Here are my attempts to debug this.
- Checked the kubernetes ingress to see if it was blocking anything, i could not definitly tell since I had a hard time determining how the ios app was authinticatin itself it seems to be hitting api endpoints that are not documented. So this could be the issue though i dont think so.
- I noticed that the version of passbolt deployed from the helm chart was out of date so i deployed the most recent version using docker-compose keeping the networking identical between the machine running docker-compose and kubernetes, to see if i messed up some networking config on the edge. The version of passbolt using docker-compose worked as intented. So maybe there is a bug in passbolt 4.0.2?

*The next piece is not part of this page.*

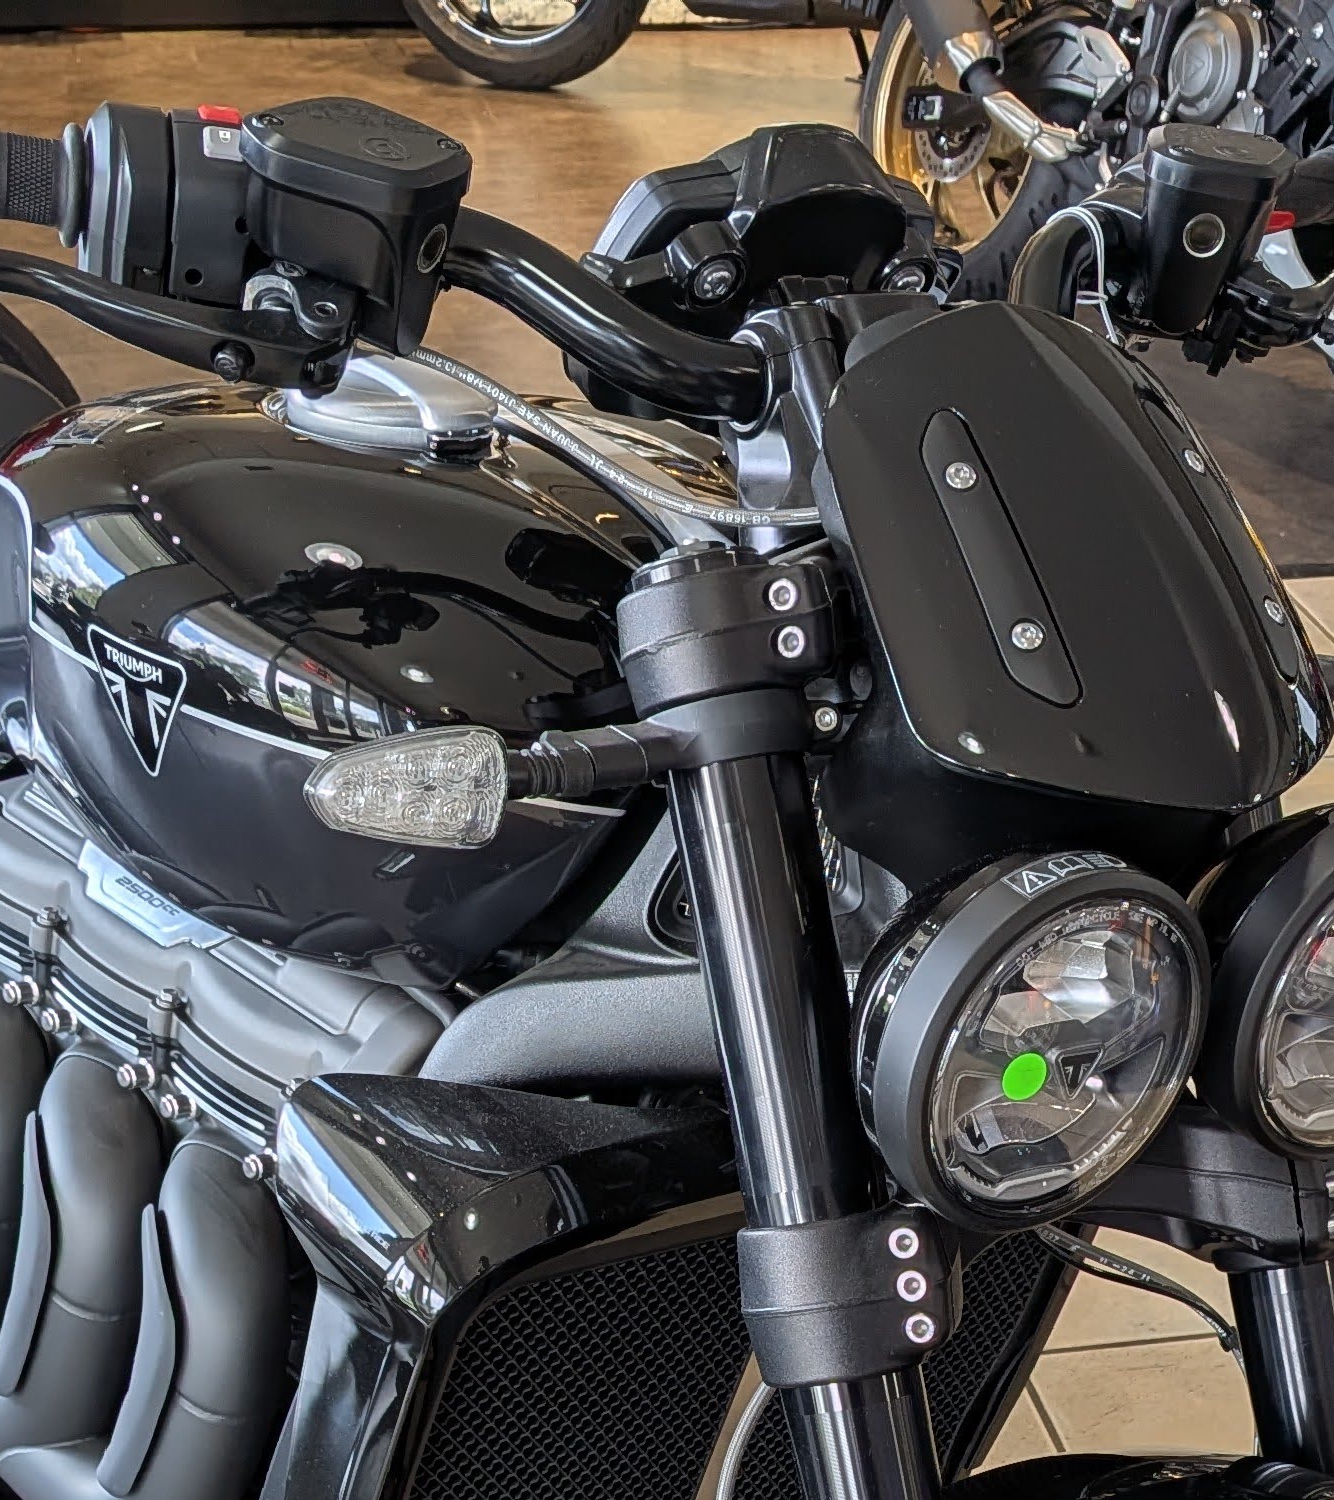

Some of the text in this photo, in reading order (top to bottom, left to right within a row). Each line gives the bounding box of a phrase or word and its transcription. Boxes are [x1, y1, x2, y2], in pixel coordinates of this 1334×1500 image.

[517, 406, 541, 426] SAE
[710, 510, 747, 523] 16897
[103, 642, 163, 685] TRIUMPH
[114, 876, 181, 917] 2500cc

- Changed ENV PASSBOLT_AUTH_JWT_ACCESS_TOKEN, PASSBOLT_AUTH_LOGIN_TOKEN_EXPIRY, PASSBOLT_AUTH_MOBILE_TRANSFER_TOKEN_EXPIRY; to longer times seeing if it was a timing difference between my phone and the server, did not work.
My next idea is to go through the steps to upgrade the container image that helm is deploying to see if that fixes the issue.
If that idea fails it would be great to hear if anyone has any ideas on additional steps i could take to help debug this.